Whether you are a Santa Claus person or a Jesus person, the holiday is about giving. Santa Claus gives toys and presents to the kids, and Jesus people give toys and presents to the kids and adults because God gave his only son to save the world.
Since I am a devoted follower of Jesus, I love Christmas because of what it stands for. Love.
When you love, you have no problem giving to that person you love not caring whether that person gives back or not. Well, most of us do.
The purpose is to let that person know that God gave his only son because he loved man so much that he set an example to all people that we should be about loving our fellow man. That this is the time of year to not only help our own families but to reach out to others less fortunate than ourselves.
But many of us, including myself, have found that we sometimes take family and others for granted during the year, so Thanksgiving, Christmas and even New Year’s allows us the opportunity to look back and realize just how lucky we are.
I for one will miss my mother this year. It will be the first year without her. I’m going to miss the wild Christmas cards and the long phone conversations. We stopped trying to give each other gifts years ago. Our gifts were giving of ourselves. If you still have your mother or father give them some of your time around these holidays. Stop taking them for granted.

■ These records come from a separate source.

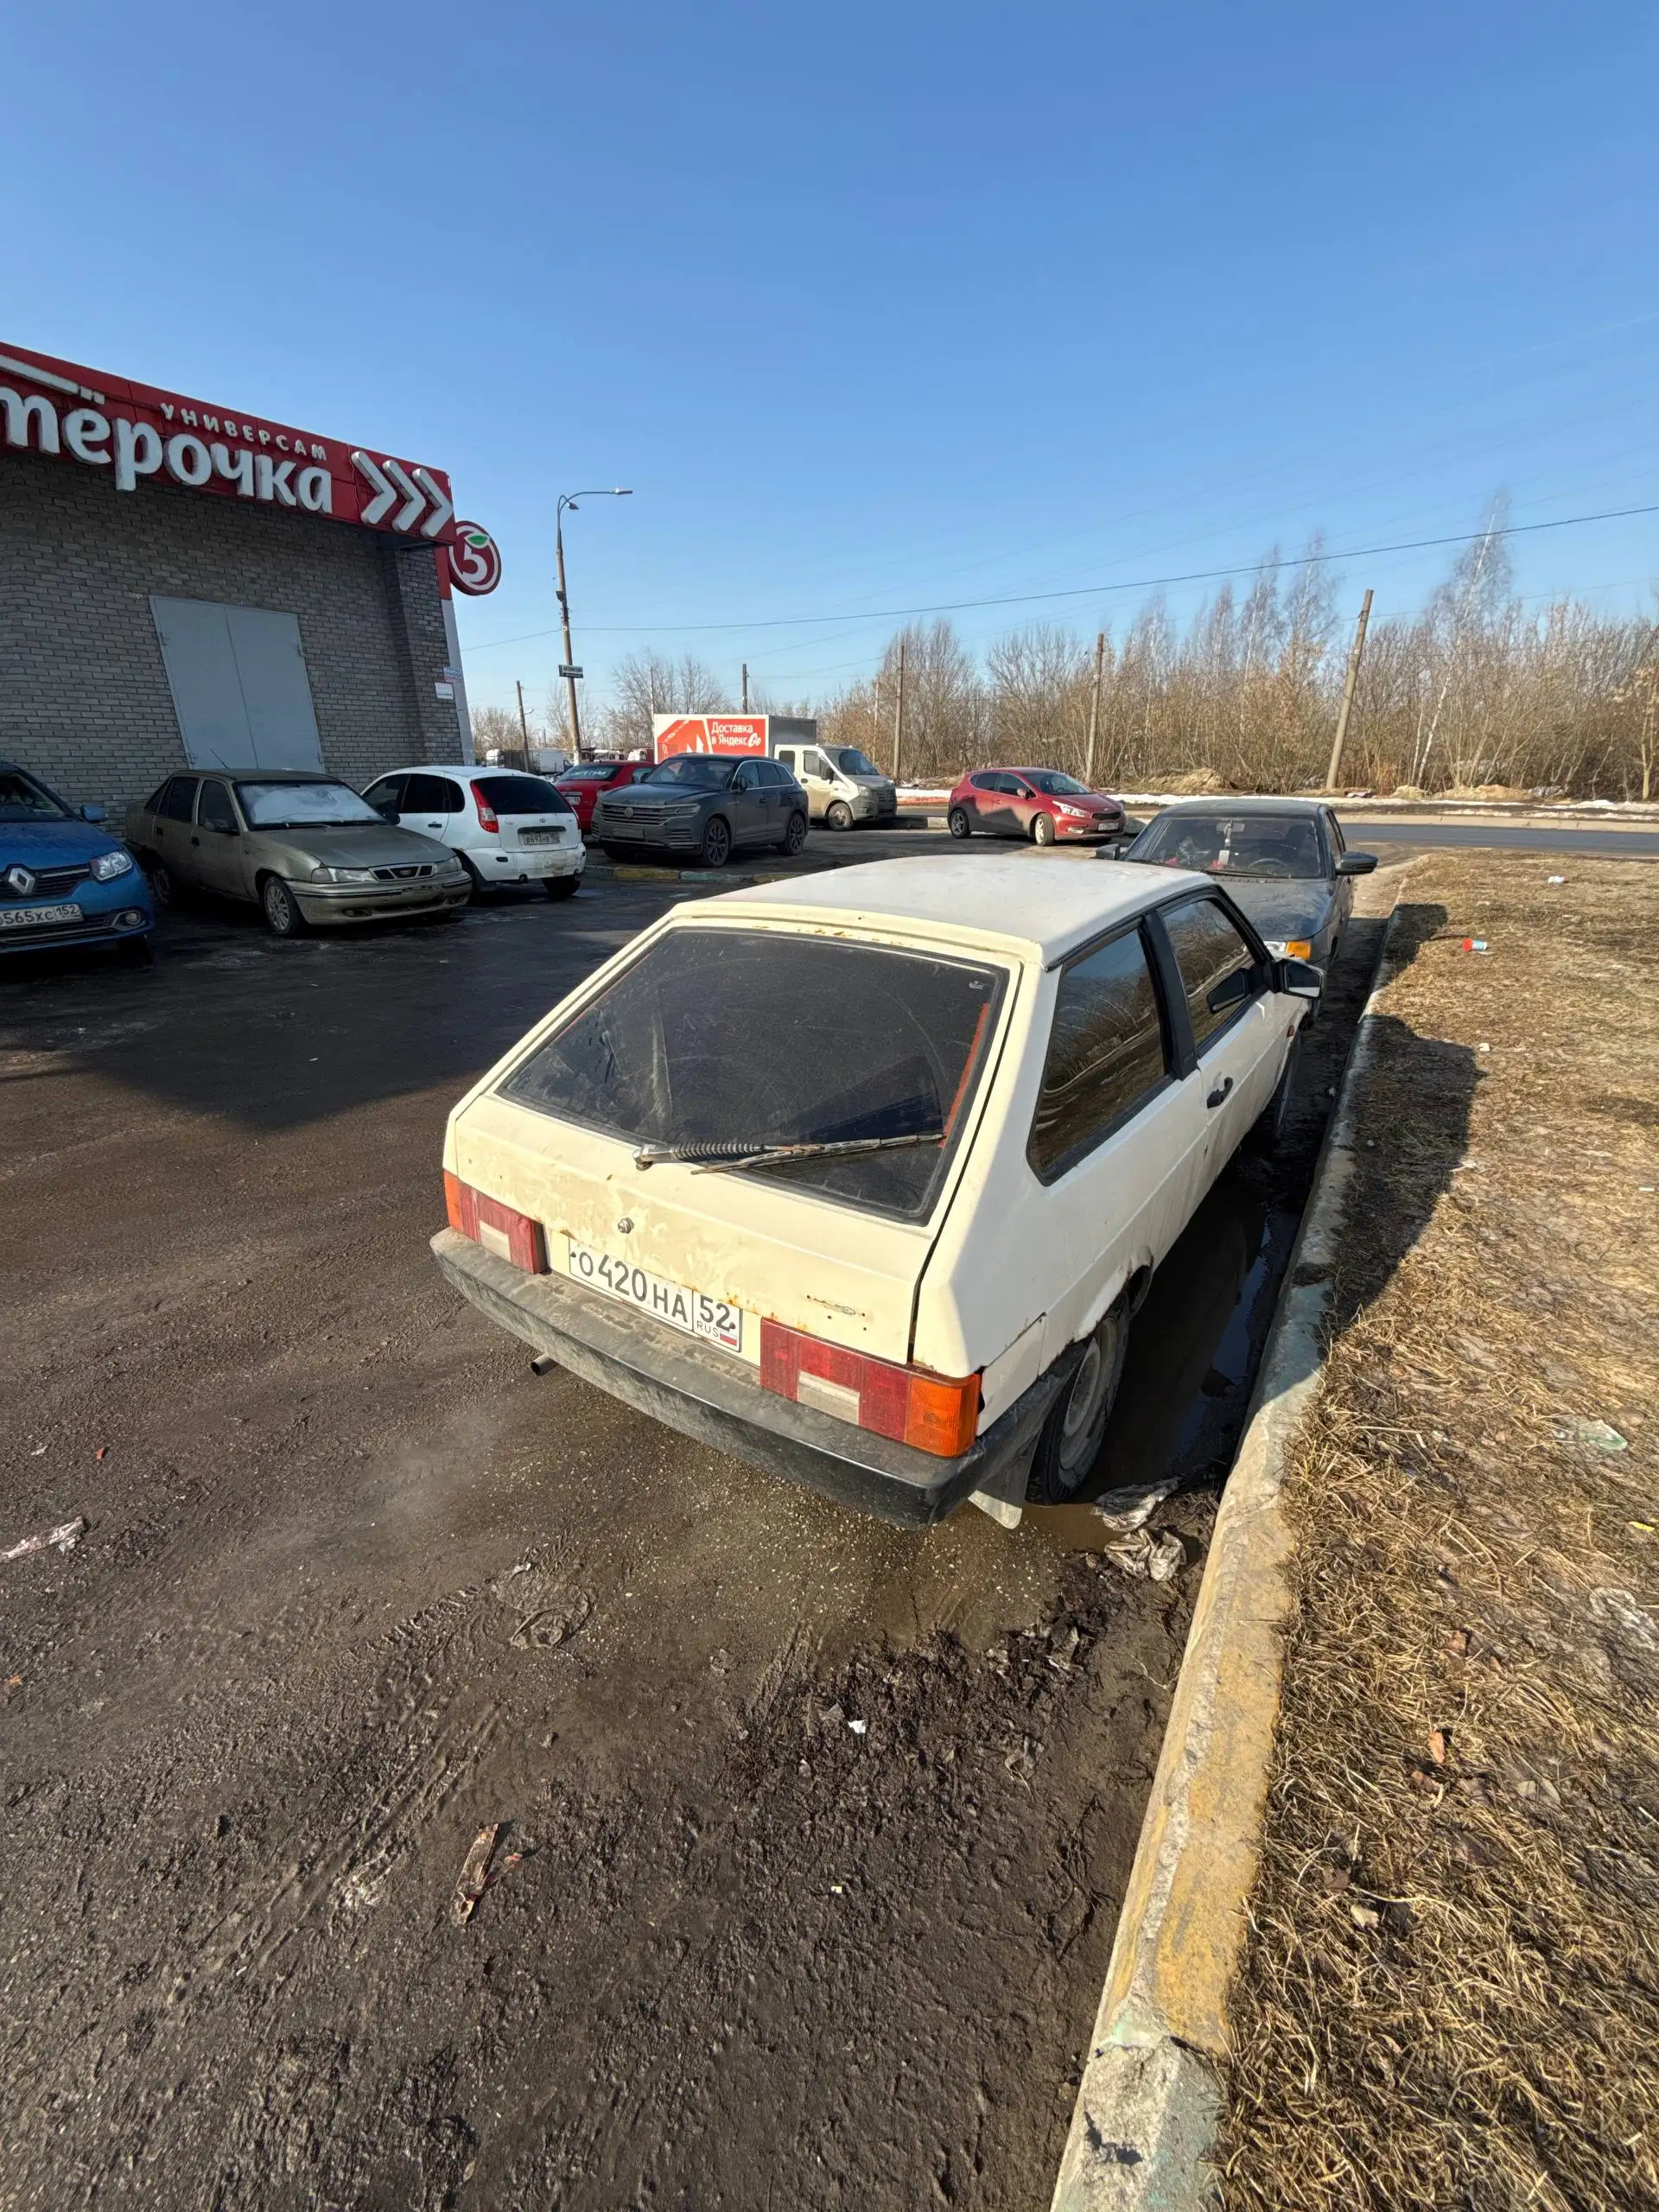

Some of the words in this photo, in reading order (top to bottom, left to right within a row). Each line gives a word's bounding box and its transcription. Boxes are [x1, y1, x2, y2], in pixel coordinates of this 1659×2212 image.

[161, 402, 327, 461] УНИВЕРСАМ
[461, 543, 488, 582] 5
[711, 721, 753, 734] Доставка
[711, 736, 717, 745] в
[719, 734, 747, 747] Яндекс
[56, 905, 77, 916] 152
[579, 1251, 688, 1324] О420НА
[700, 1294, 733, 1332] 52
[696, 1319, 719, 1338] RUS

But I also love Christmas because of the great joy it brings to children when they wake up on Christmas morning. To see their faces when they get the many toys and other things they were so looking forward to.

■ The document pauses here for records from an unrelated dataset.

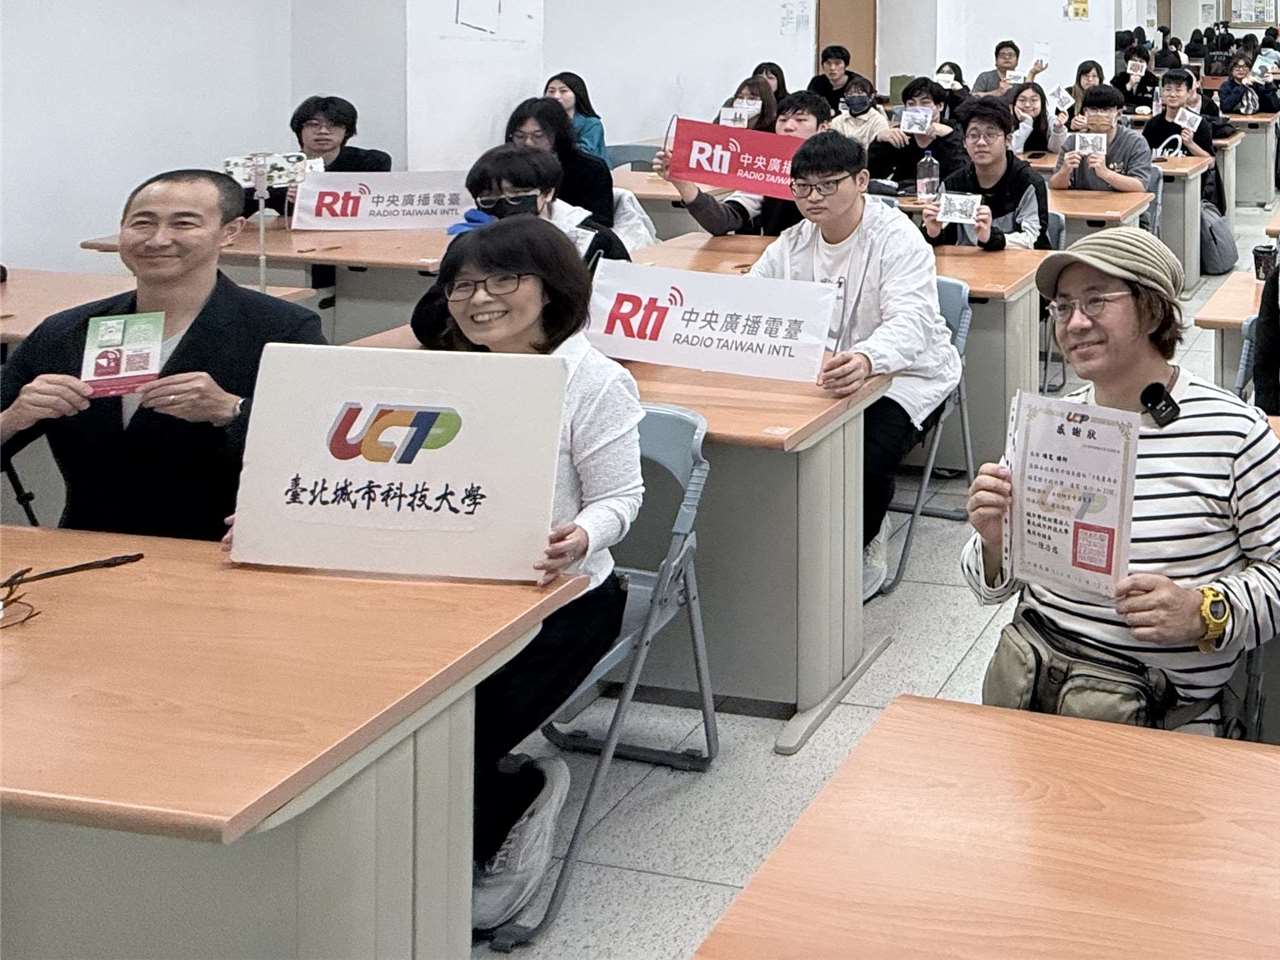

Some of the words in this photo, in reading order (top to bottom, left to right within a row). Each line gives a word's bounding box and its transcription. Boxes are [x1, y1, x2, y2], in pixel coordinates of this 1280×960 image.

[689, 140, 731, 175] Rti
[737, 169, 765, 181] RADIO
[314, 191, 362, 218] Rti
[368, 209, 400, 217] RADIO
[440, 208, 460, 216] INTL
[371, 193, 461, 207] 中央廣播電臺
[604, 292, 670, 342] Rti
[681, 307, 804, 341] 中央廣播電臺
[672, 333, 714, 349] RADIO
[715, 338, 766, 355] TAIWAN
[767, 344, 795, 358] INTL
[284, 473, 487, 515] 臺北城市科技大學

Maybe we as adults should try a little harder to find something we can get that will bring that kind of joy to our adult loved ones, without going broke.

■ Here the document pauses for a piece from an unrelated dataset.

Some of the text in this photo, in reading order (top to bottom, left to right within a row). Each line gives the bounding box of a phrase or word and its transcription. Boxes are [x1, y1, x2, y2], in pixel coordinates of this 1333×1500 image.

Christmas is truly a wonderful conclusion to the year, and we all should do all we can to make it a happy occasion for all. So I say Merry Christmas to everyone.
***
Moving to a less happy topic. The President opened relations with Cuba last week, and it is long overdue. If we can have a working relationship with China, Russia and other Communist countries, why not Cuba? Cuba is not a threat to the U.S. and has never been since President Kennedy stopped the Soviet Union from shipping nuclear weapons to Cuba.
We have had an embargo on Cuba for 54 years, and conditions in Cuba haven’t gotten any better. So if we can open relations, and start trade, like we have with other Communist countries it has to help the masses of people. I’ve never believed that Capitalism is any better than Communism. They both seem to be geared toward the rich getting richer, not the poor or middle class.
The people should be able to select what form of government they have, but it must be set up for the benefit of the masses not the select few, which is the case for both today. For those of us who either remember or have read about Cuba before the revolution, we know that Cuba was ruled by the rich, mostly rich Americans, who used the island as a resort for the rich while almost enslaving the masses of the Cuban people. But it doesn’t appear that the Castro brothers have done anything better for the people. I guess it’s really hard to give up power. But there’s no way should Cuba go back to the way it was before the revolution.
(Ulish Carter is the managing editor of the New Pittsburgh Courier.)